Sophie Grimaldi
Leyendo la prensa estos días, mi atención ha sido atrapada por una noticia: la historia de un matrimonio japonés, el señor y la señora Kuroki, que viven en la región de Miyazaki. Ella se había quedado ciega a consecuencia de una diabetes severa y había caído en una profunda depresión. Para consolarla, durante dos años su marido había plantado en su jardín miles de shibazakura, una variedad de flores minúsculas que desprenden un perfume delicioso. Y la señora Kuroki ha vuelto a sonreír, ya sea por el olor de las flores o por el amor de su marido. La historia y el jardín de flores atraen desde entonces a muchísimos visitantes.
Siempre me ha fascinado la delicadeza del alma japonesa. Se nutre de lo cotidiano y hace de las flores, del té o de la caligrafía una vía de acceso a la búsqueda espiritual. Asimila de manera innata la comprensión del mundo a la belleza. Como Dios hace amanecer sobre malos y buenos, con la belleza pasa algo parecido. Es fugaz, llega a todos y no es de nadie. Algunos creen poseerla a través del lujo pero solo es una caricatura, ¿alguien acaso puede pagar por la risa de un niño? Escapa en gran parte a la racionalidad, algo se puede decir sobre ella pero su casi totalidad es inefable. A veces, hasta duele. Es como un aguijón que nos despierta y nos obliga a salir de este sopor voluntario en el cual nos envolvemos para protegernos del sufrimiento. Es el último refugio donde salvarse antes del precipicio de la desesperación.
Es curioso como en los días de duelo uno siempre se acuerda del tiempo que hacía. Parece que se busca un simple rayo de luz como oxígeno para respirar. Porque, allí, en el agujero en el que caemos, sabemos que eso no lo único. Un destello de belleza cualquiera nos lo recuerda y así abre espacio a la gracia.

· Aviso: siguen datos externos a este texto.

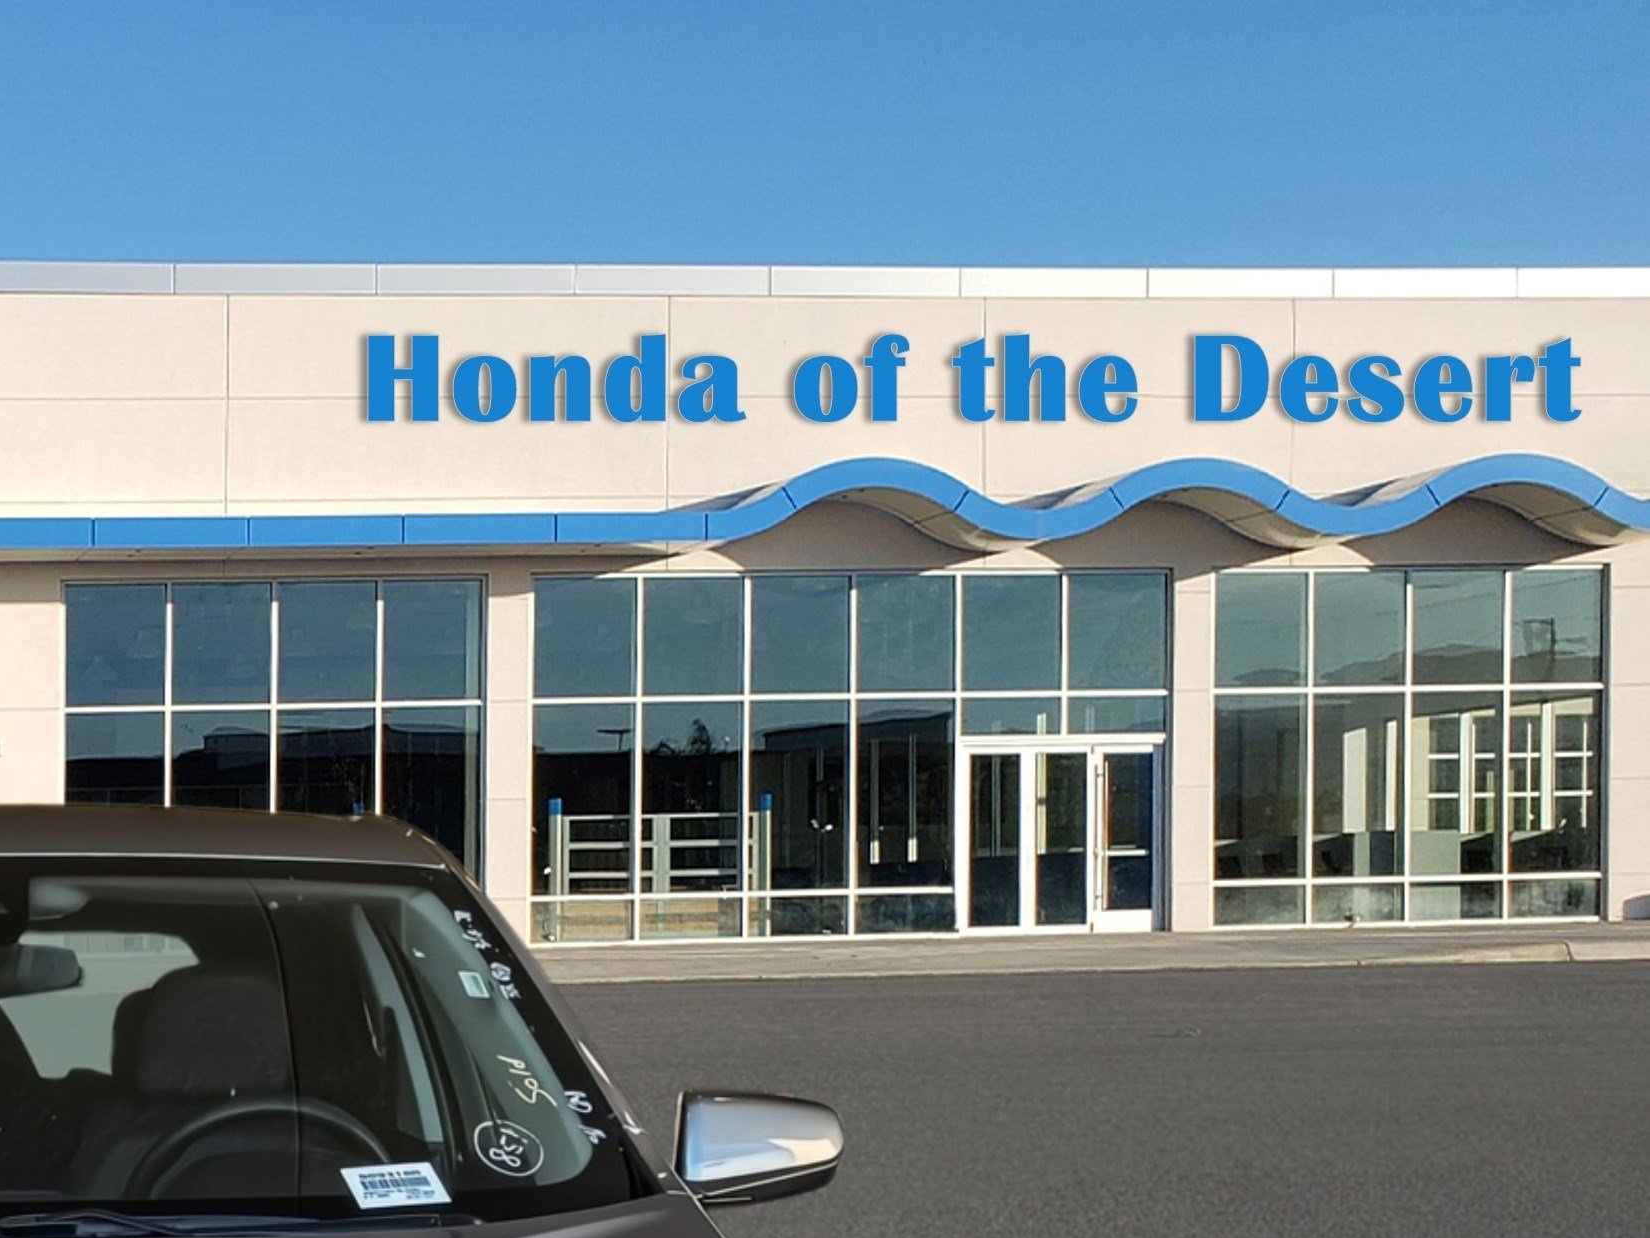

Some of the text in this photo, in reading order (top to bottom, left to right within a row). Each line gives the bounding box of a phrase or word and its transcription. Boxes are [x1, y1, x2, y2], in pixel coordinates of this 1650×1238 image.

[367, 333, 1583, 424] Honda of the Desert

Oí la historia de un prisionero que encerrado en un campo durante años compuso una ópera sinfónica en su cabeza. Durante las últimas guerras ha habido muchos seres humanos que han sido privados hasta de la luz del sol. Lo único que les podía rescatar es lo que albergaban en su interior. Cuando uno lleva mucho tiempo en la oscuridad, incluso la memoria de los rostros amados tiende a borrarse. ¿Qué será lo que quede entonces? El encarcelado descubrirá lo que hasta este día le parecía de poco valor: una melodía de su infancia, un poema, una oración, cualquier cerilla que sea capaz de alumbrarle.

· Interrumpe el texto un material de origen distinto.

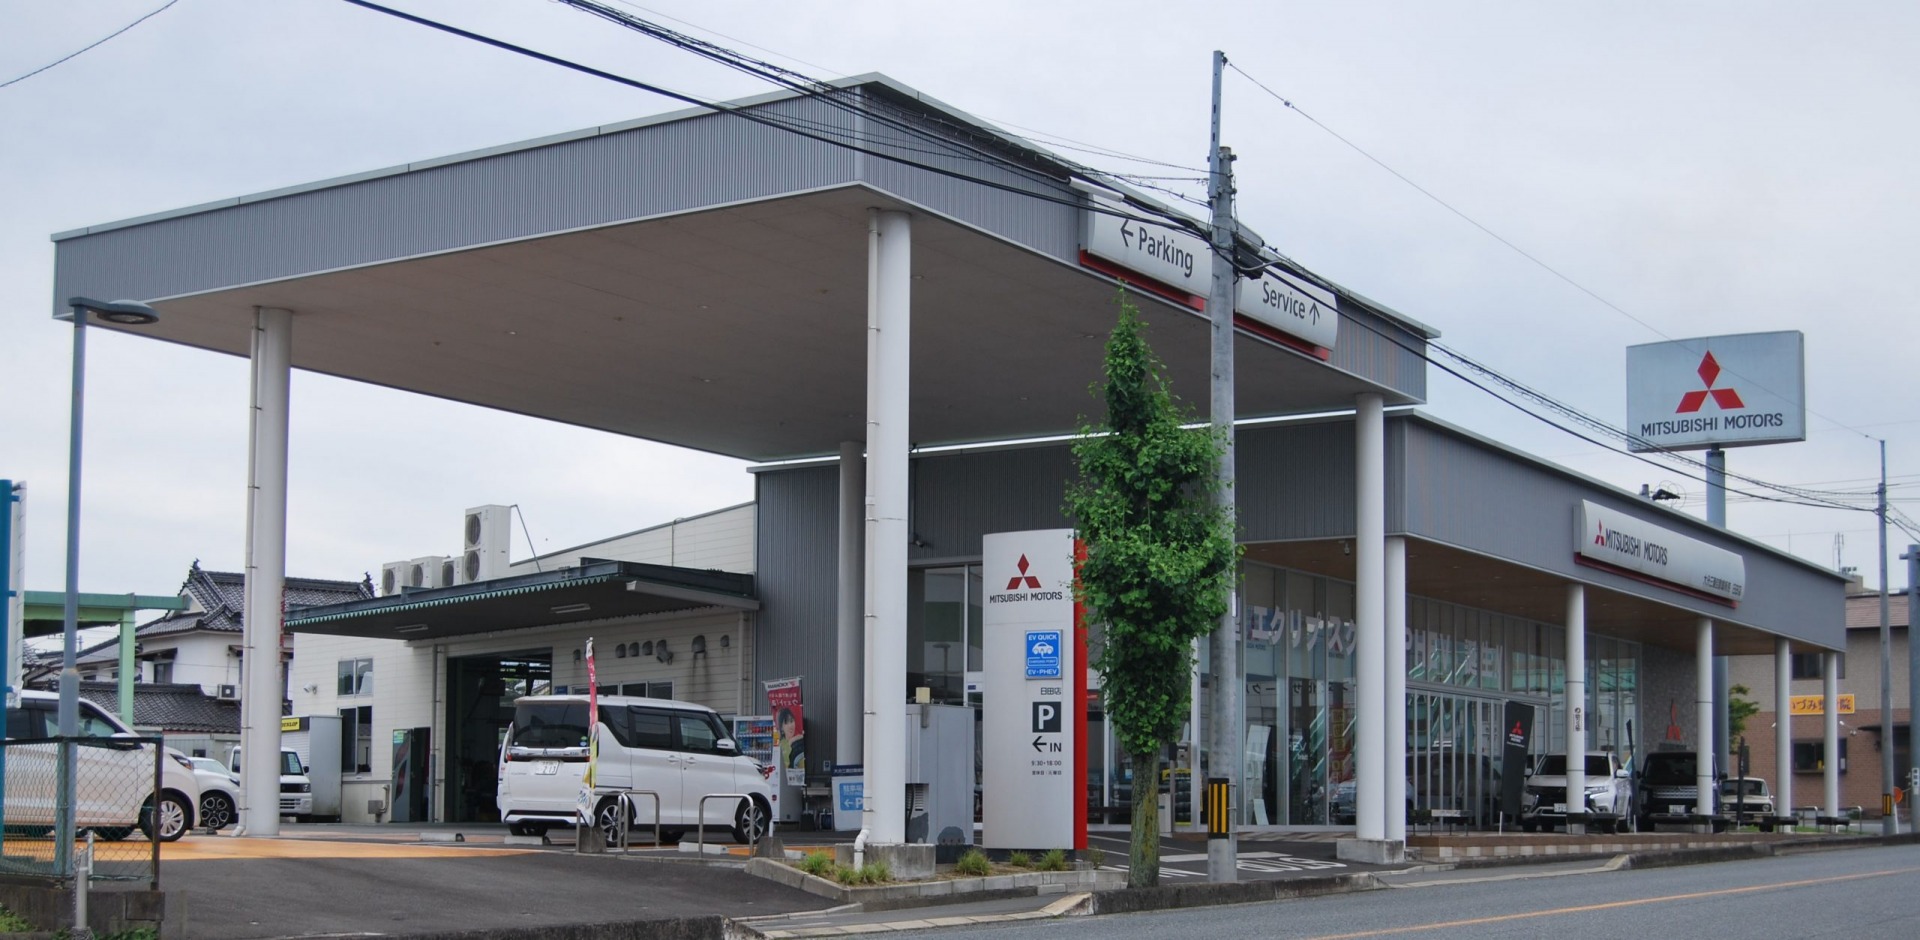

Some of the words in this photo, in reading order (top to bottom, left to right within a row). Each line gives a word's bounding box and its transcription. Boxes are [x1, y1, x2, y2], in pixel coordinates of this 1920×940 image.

[1139, 226, 1193, 278] Parking
[1263, 281, 1306, 319] Service
[1641, 417, 1718, 437] MITSUBISHI
[1724, 413, 1783, 429] MOTORS
[1605, 527, 1641, 557] MITSUBISHI
[1644, 541, 1668, 566] MOTORS
[990, 593, 1028, 603] MITSUBISHI
[1031, 592, 1063, 601] MOTORS
[1041, 687, 1062, 696] 日田店
[1038, 704, 1055, 730] P
[1049, 742, 1062, 753] IN

La belleza nos hace levantar la mirada de nuestras heridas para mirar hacia arriba. Como una madre que cuida a su hijo enfermo, la hermosura nos alienta y reconforta. La necesitamos con urgencia porque el mundo actual esconde bajo su soberbia el latido de la acedia. Hace menos de un año, vi que habían instalado un piano en una estación de tren en Paris. Pregunté por qué. Era para que cualquiera que pasase por allí, se sentase a tocar música. Me conmovió este piano que esperaba a quien quisiera consolar a miles de viajeros. Porque al final ¿no será eso la belleza? ¿El consuelo que da un corazón que ama?